According to the Nocturnal Revels, her customers included "Prince, Peers and men of the Highest Rank". Prince William, Duke of Cumberland was a frequent visitor and presented her with some silver plate. William Hogarth often sketched in her house and featured her praying from the window of her house in The March of the Guards to Finchley and again in Enthusiasm Delineated. Her house was also popular with army officers on leave and the captains of the East Indiamen.
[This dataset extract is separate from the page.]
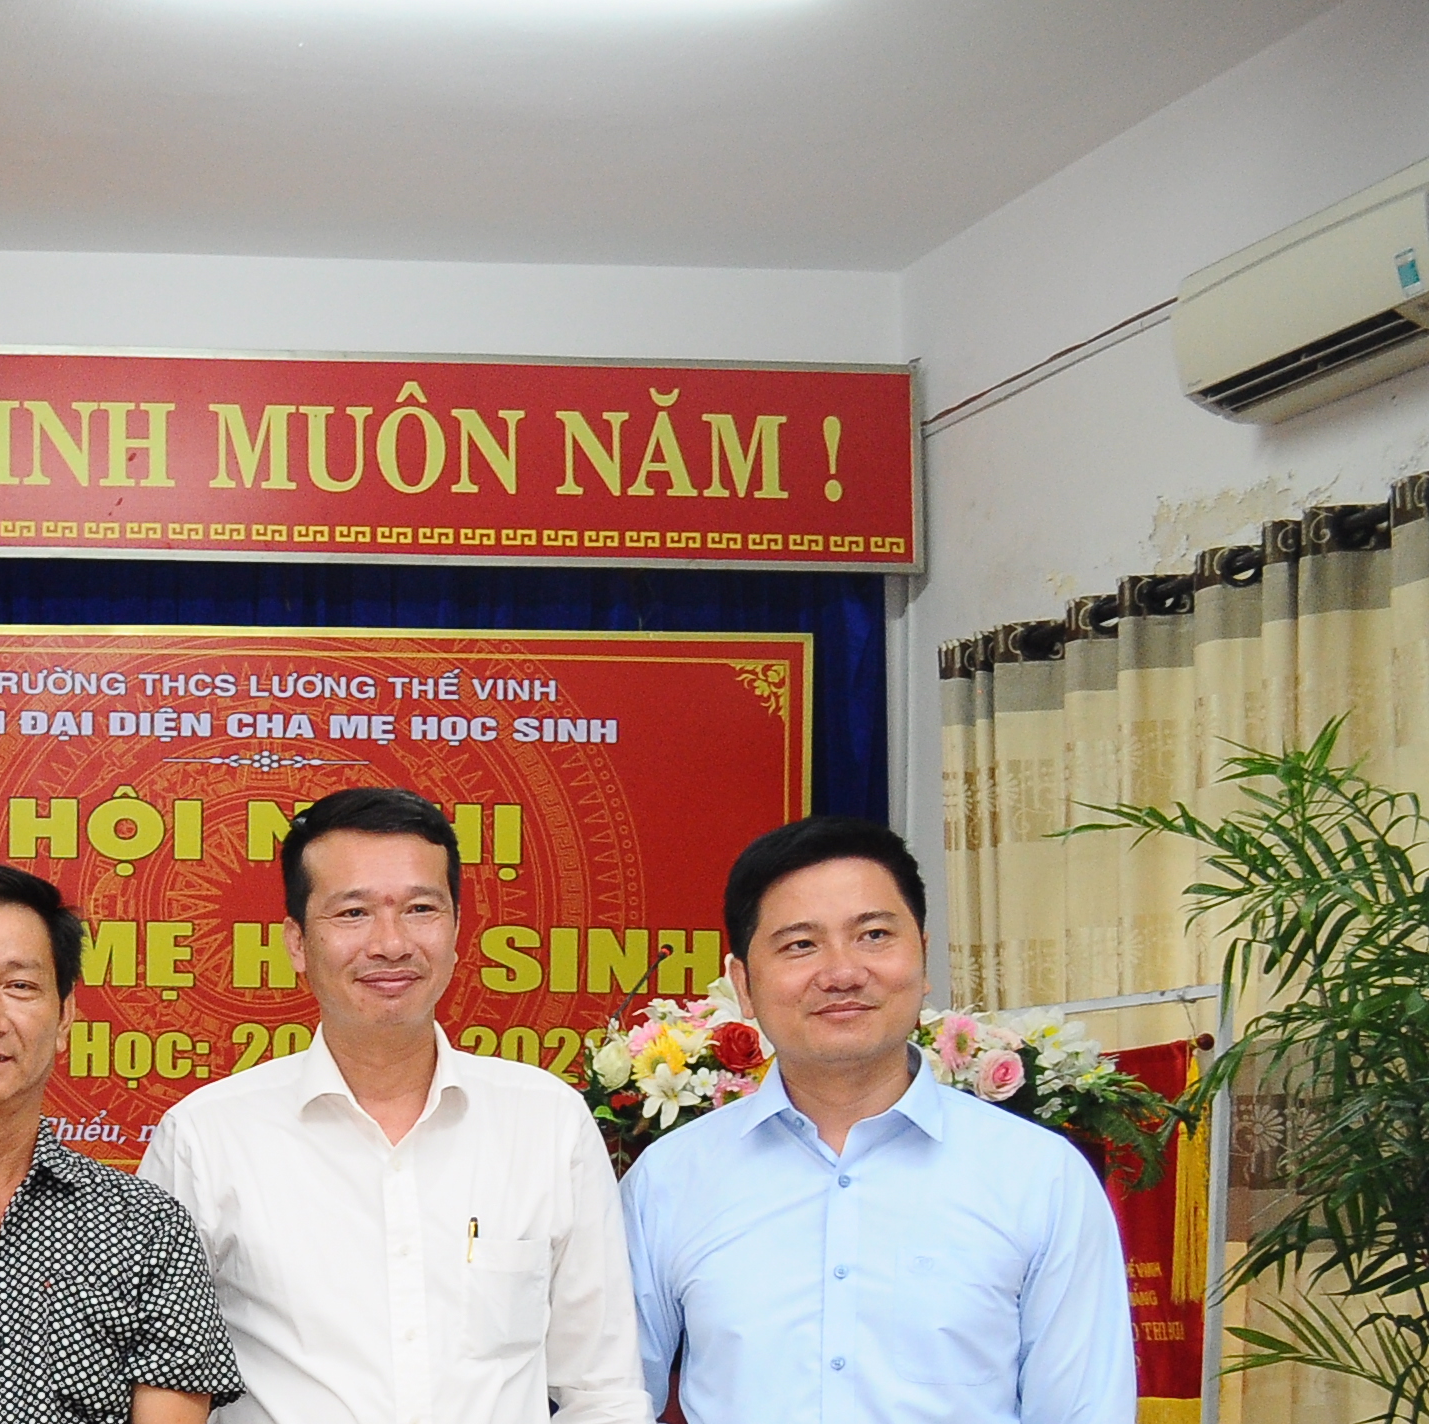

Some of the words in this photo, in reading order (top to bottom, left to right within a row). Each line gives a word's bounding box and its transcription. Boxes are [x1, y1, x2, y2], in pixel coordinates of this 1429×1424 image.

She attempted to maintain an honest house, discharging girls if they were caught stealing, but from time to time she fell afoul of the Society for the Reformation of Manners, in the person of Sir John Gonson and his anti-vice patrols, and was arrested. On most of these occasions she escaped with a fine, or by bribery escaped punishment completely, but she did once or twice have to spend time in prison.

==Decline and death==
Around 1746, her fortunes took a turn for the worse. Her house fell out of fashion with high society and a lower class of customer began to patronise the establishment. Douglas herself became pregnant; the child was thought to be Lord Fitzwilliam's and was the subject of much debate, although Rear Admiral Charles Holmes, another of Douglas' lovers, later turned out to be the father. Additionally, Douglas' health was beginning to fail.

By 1759, she was unable to continue business, and the lease on the King's Head passed to a relative, Amelia Douglas. Jane was described as "much bloated by Drink and Debauch...her Legs swelled out of shape...suffering great discomfort". She died on 10 June 1761 leaving a considerable estate. The contents of her house were sold off by her friend, the auctioneer Abraham Langford. Although there was a genuine Mother Cole, Douglas supposedly forms the prototype for Mother Cole in John Cleland's Fanny Hill, and together with Langford, those of Mrs. Cole and Mr. Smirk in Samuel Foote's The Mirror.